In September, for the seventh time in less than six years, Manor Care declared a split of its common stock to encourage wider distribution of its shares. By lowering the price of individual shares, the stock split puts Manor Care's stock within reach of a broader group of investors. The financial data above has been adjusted to reflect the 3-for-2 stock split last September.
Manor Care is continuing efforts to reduce its debt by selling certain Quality Inn hotels. As part of its debt reduction program, the company announced in March that it would redeem $27.3 million of high-cost debt. That redemption is expected to increase future earnings by $1.1 million annually and result in a special one-time charge of $2 million.

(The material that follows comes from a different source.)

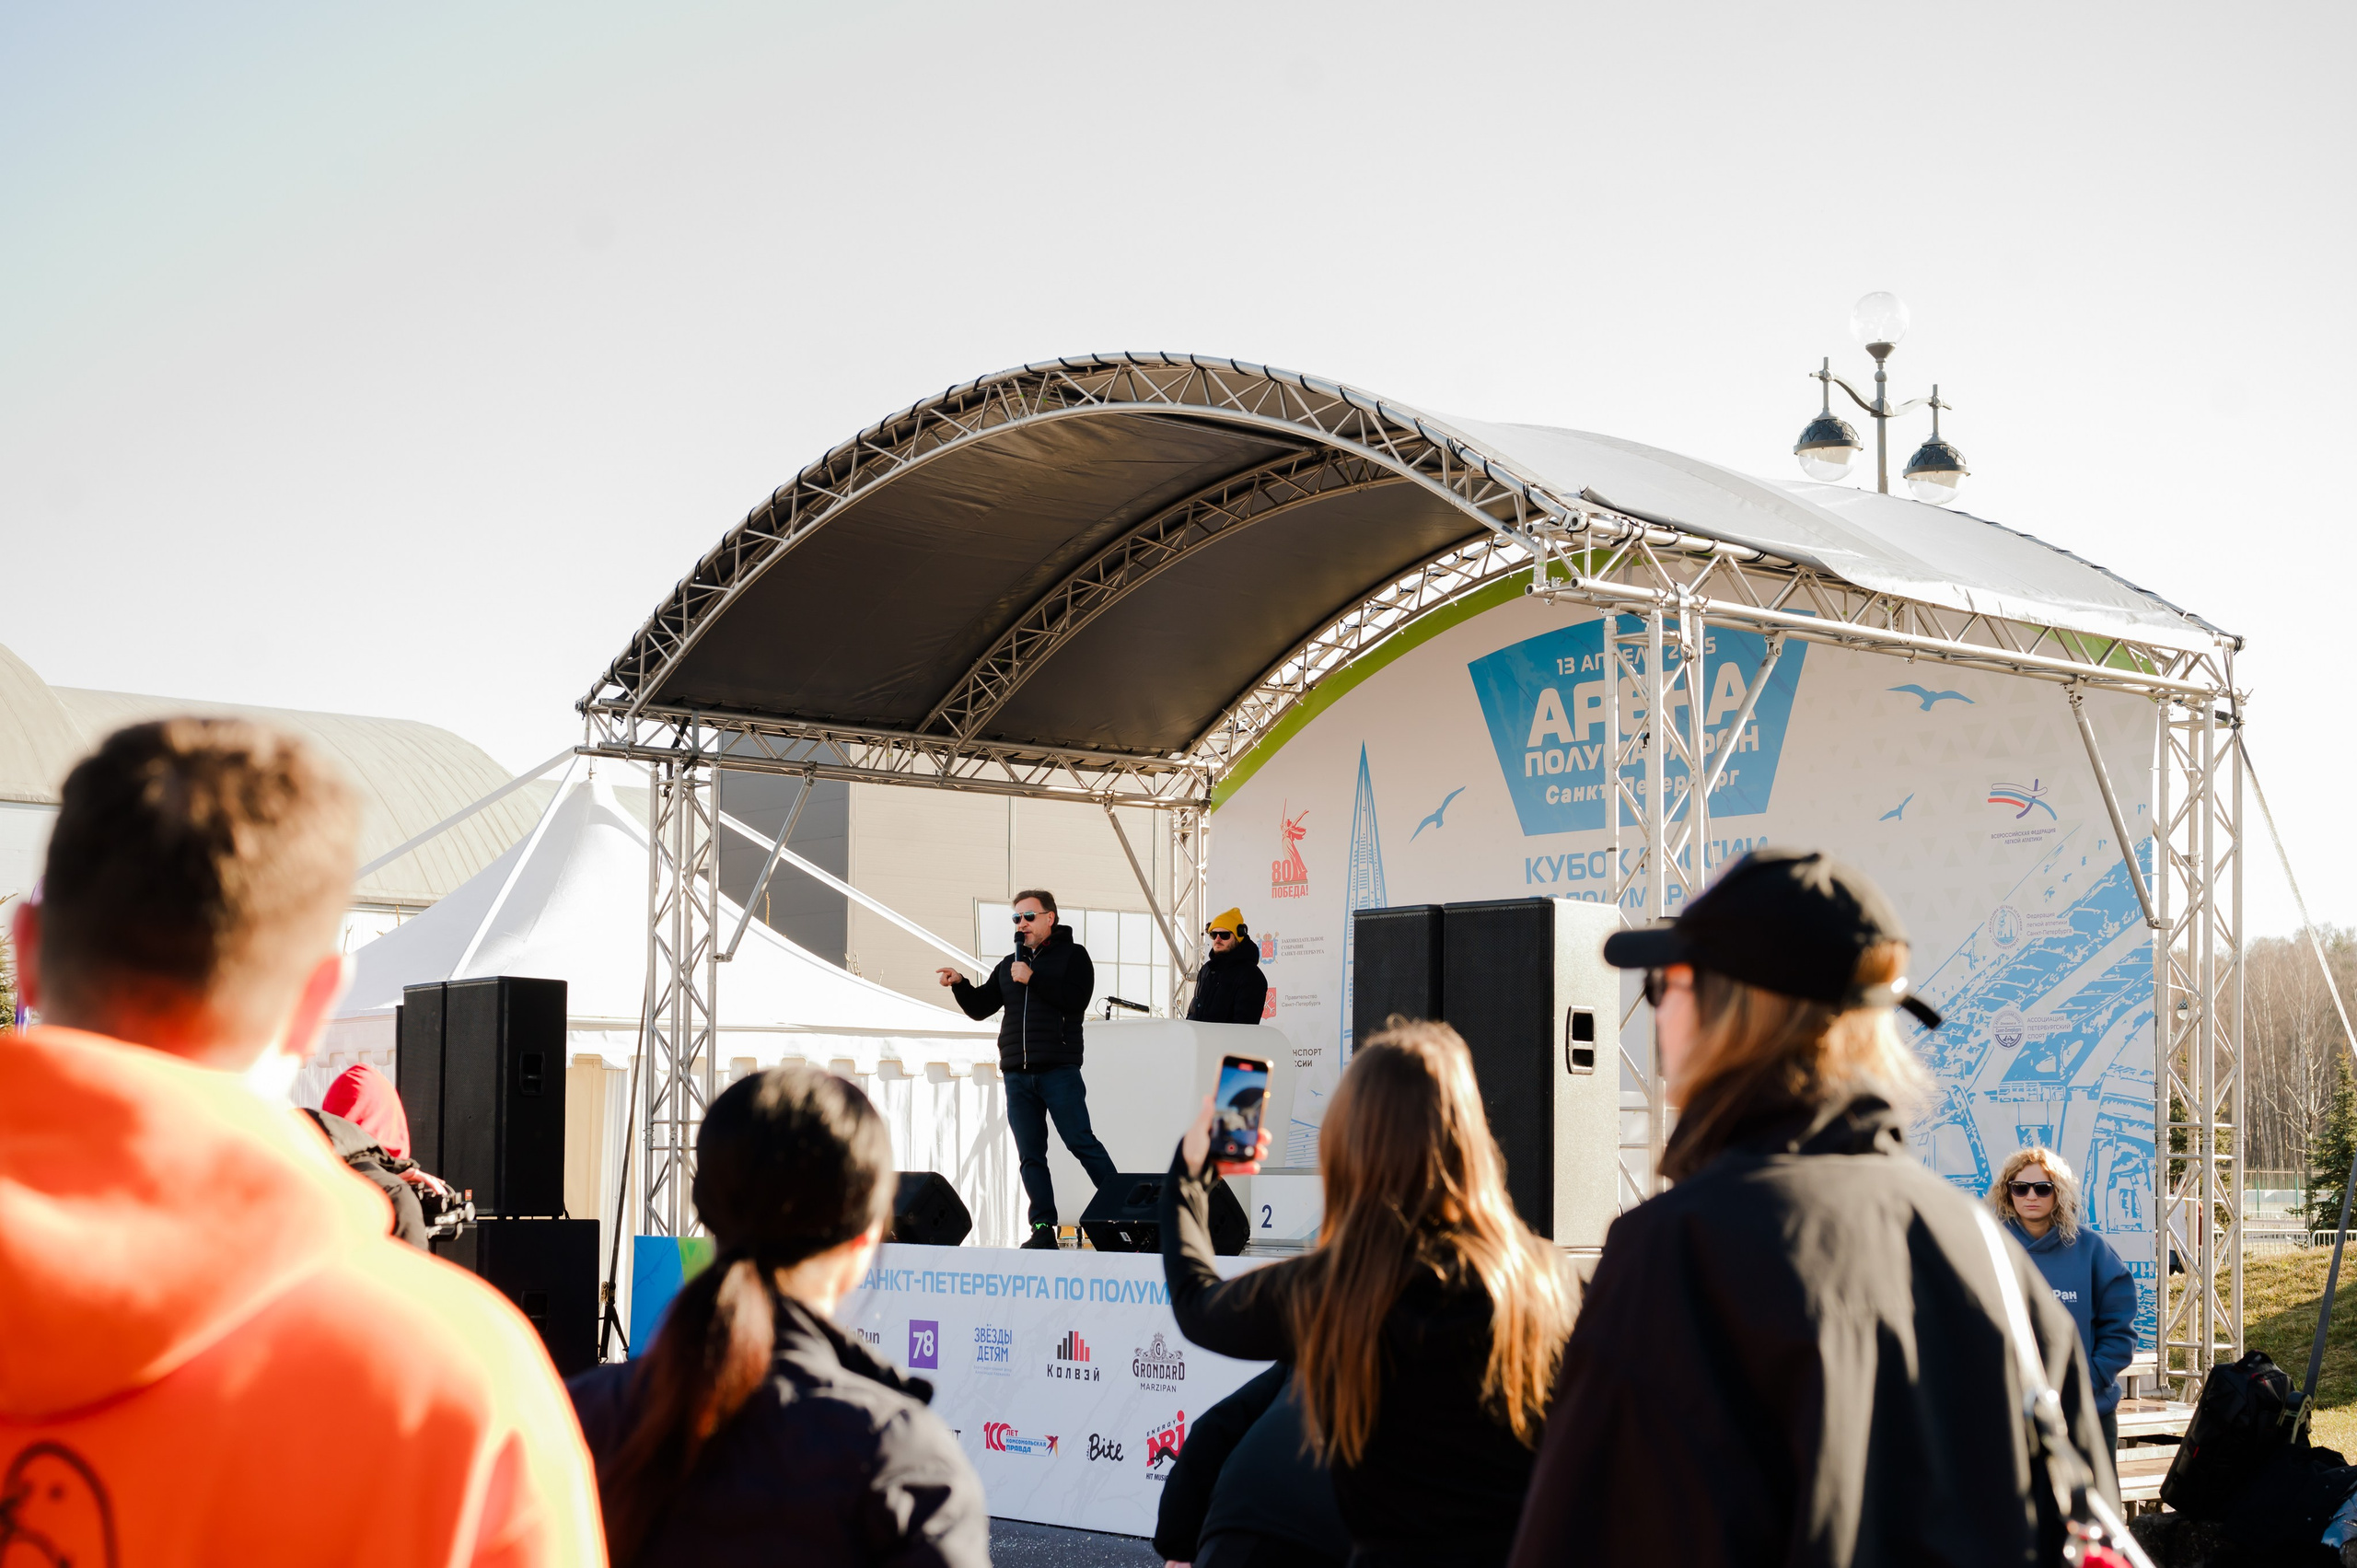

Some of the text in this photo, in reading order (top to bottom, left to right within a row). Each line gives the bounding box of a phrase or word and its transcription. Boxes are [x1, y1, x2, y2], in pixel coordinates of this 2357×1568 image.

In the fiscal year ended May 31, 1985, Manor Care reported an increase in revenue of 24.8 percent and a jump in net income of 31.9 percent. Revenue and net income have continued to rise in Manor Care's 1986 fiscal year. In the nine months ended Feb. 28, 1986, the company reported revenue of $358.8 million and net income of $27.1 million, increases of 7.3 percent and 22.6 percent, respectively, over the prior year.